Jennifer Haynie says
Kathi,
I’m sorry your pup is ill. It’s hard to lose a dog because they do color our lives. Praying that you will indeed find His comfort.
Steph says
Kathi, thank you so much for sharing. May God continue to bless and comfort you and give you His peace. ❤️❤️
Steph says
Kathi, thank you so much for sharing. May God continue to bless and comfort you and give you His peace ❤️
Julie Allenby says
Thank you for this beautiful article. It’s just what I needed right now while I’m having a hard time dealing with the loss of a pet cat and other draining events. I copied down most of your words into my faith planner so I can read them time and again. Thank You.
Jackie M. Johnson says
Yes! I resonate with this.
Thank you for insights on grief and comfort. And multiple traumas. You verbalized what many people are feeling, but didn’t know how to say.

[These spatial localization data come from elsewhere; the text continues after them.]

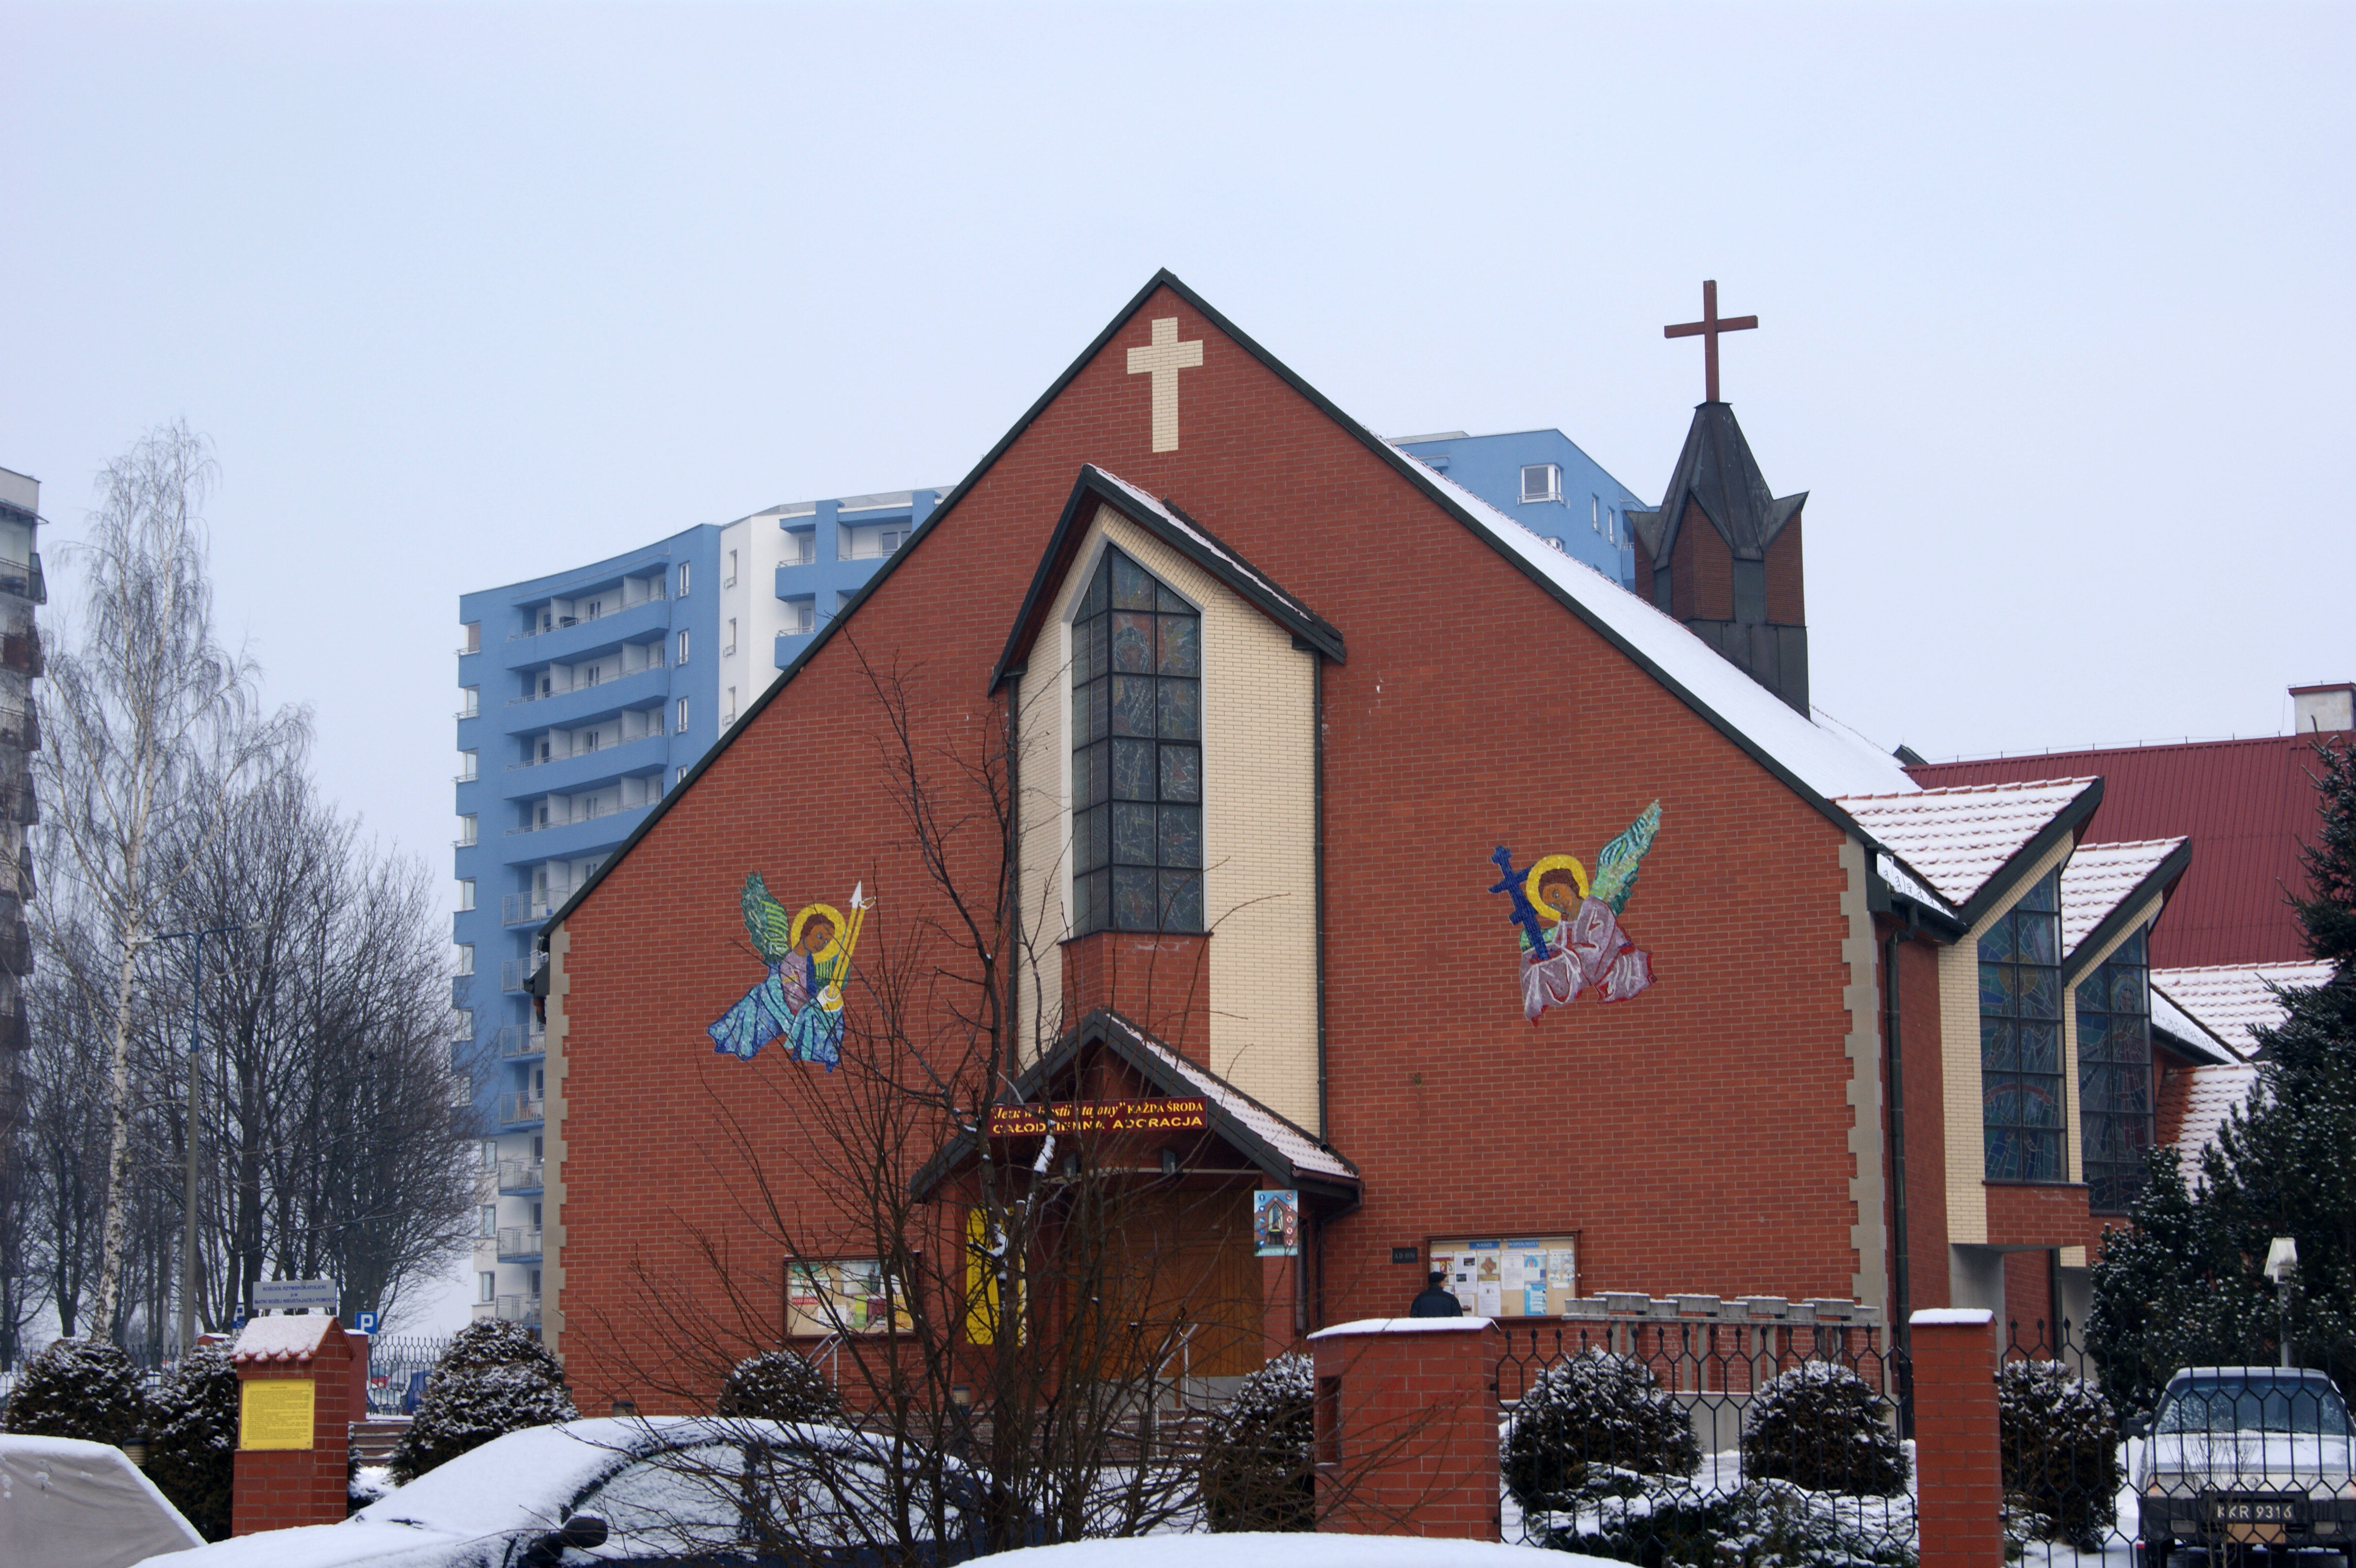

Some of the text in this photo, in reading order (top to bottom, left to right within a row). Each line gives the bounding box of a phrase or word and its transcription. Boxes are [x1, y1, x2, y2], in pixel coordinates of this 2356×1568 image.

[1037, 1104, 1072, 1118] Hstii
[1127, 1102, 1165, 1114] KAŻDA
[1167, 1100, 1203, 1112] ŚRODA
[993, 1116, 1203, 1134] CAŁODIENNA ADORACJA
[361, 1314, 374, 1332] P
[2217, 1505, 2291, 1519] KKR 9316

And we really do need to replenish our emotional reserves.
Excellent post!
Sandra Ferguson says
Thank you for sharing. This is exaxtly what I needed to hear today. I have been in the same place for a while. Bombarded for a while and telling myself the things you said. While I know we will get through, I have to acknowledge where I am in order to move on.
Lori Young says
Absolutely beautiful and so reassuring. Praying for you my friend! Praise God for his comfort.
Beth Williams says
Kathi,
Thanks for a much needed post. So many people have been through the “wringer” so to speak over the past few years. I have some Co-worker ICU RNs who worked Covid units. Now they are dealing with a sort of PTSD. Back in 2020 on a Sunday afternoon I was feeding my iguana-Tiny when he suddenly died in my arms. It hurt really bad. I first thought I had done something wrong. It was his time to go. Sad thing was that my hubby-the one who bought Tiny in first place-was at work.
I never minimize anyone’s trials or suffering. Everyone deals with stuff differently. I just love on & pray for them.